Saatler engerek, nefret duru zehir
yalaz ışık gözlerimde tutuşurken
söz kırılıyor, canım acıyor
gergisini bırakan okun ıslığı şiddet
ağlasam susar deniz
yağmur aldatır rüzgârı
ihanet başlar, kül rengi karşılar yüzüm sabahı
…
Hayat yaptı yapacağını..!
…
mirim Mevlana benim pirim Şems
özüm ayrılık benim aşkım ateş
…
Gazaptır yaşadığım, azaptır kalbime darbesiz inen. Kırıldım, lâl kaldım. Tarifsiz kılıp özlemi, dalgın denize bırakıyorum ibadetimi. Kaç âşık burada yürüdü yarım yamalak geçmişinin izlerinde ve kaç ayrılık burada çatladı tam orta yerinden. Vakit geçmeden sukut olmadan tan, resmet. Duru sesin çağrısını beklemekte, mevsimsiz kozasındayım acının.

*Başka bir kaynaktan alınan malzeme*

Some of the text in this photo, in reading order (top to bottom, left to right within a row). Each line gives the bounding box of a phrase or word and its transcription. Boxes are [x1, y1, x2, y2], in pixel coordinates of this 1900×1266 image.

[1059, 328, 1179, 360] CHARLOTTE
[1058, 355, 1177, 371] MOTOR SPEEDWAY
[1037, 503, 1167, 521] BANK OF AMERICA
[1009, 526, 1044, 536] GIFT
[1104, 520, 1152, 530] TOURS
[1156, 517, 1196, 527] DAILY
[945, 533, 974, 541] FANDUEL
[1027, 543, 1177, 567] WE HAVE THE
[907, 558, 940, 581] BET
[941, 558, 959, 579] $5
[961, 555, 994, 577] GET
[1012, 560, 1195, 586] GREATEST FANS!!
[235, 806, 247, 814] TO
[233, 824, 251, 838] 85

Bir hata yaptım. Hayat yüzlerce kez vurdu hala intikama doyamadı.
Yokluğunla bezenmiş, sırlı yalnızlığımın yüreğime, kelebeğin kanadı kadar yumuşak dokunması tek tesellim. Saatlerin geceyi hazırlaması uzun sürüyor bazen geç kalıyorum baş başa geçireceğimiz sessizlik nöbetlerine. Hayat hızlı akıyor, olsun..! İçimin dinmeyen sızısı olsun. Yelkenlerin içine dolan rüzgârın şiddeti gibi güzel beni alıp götüren hayalinin şiddeti ıstırap veren. Yeni kıblesinde umduğunu bulamayan hercai kalbin, tavaflarını yine bana yapsın, ara gitmişliğimi peşim sıra, umar gibi yor beni.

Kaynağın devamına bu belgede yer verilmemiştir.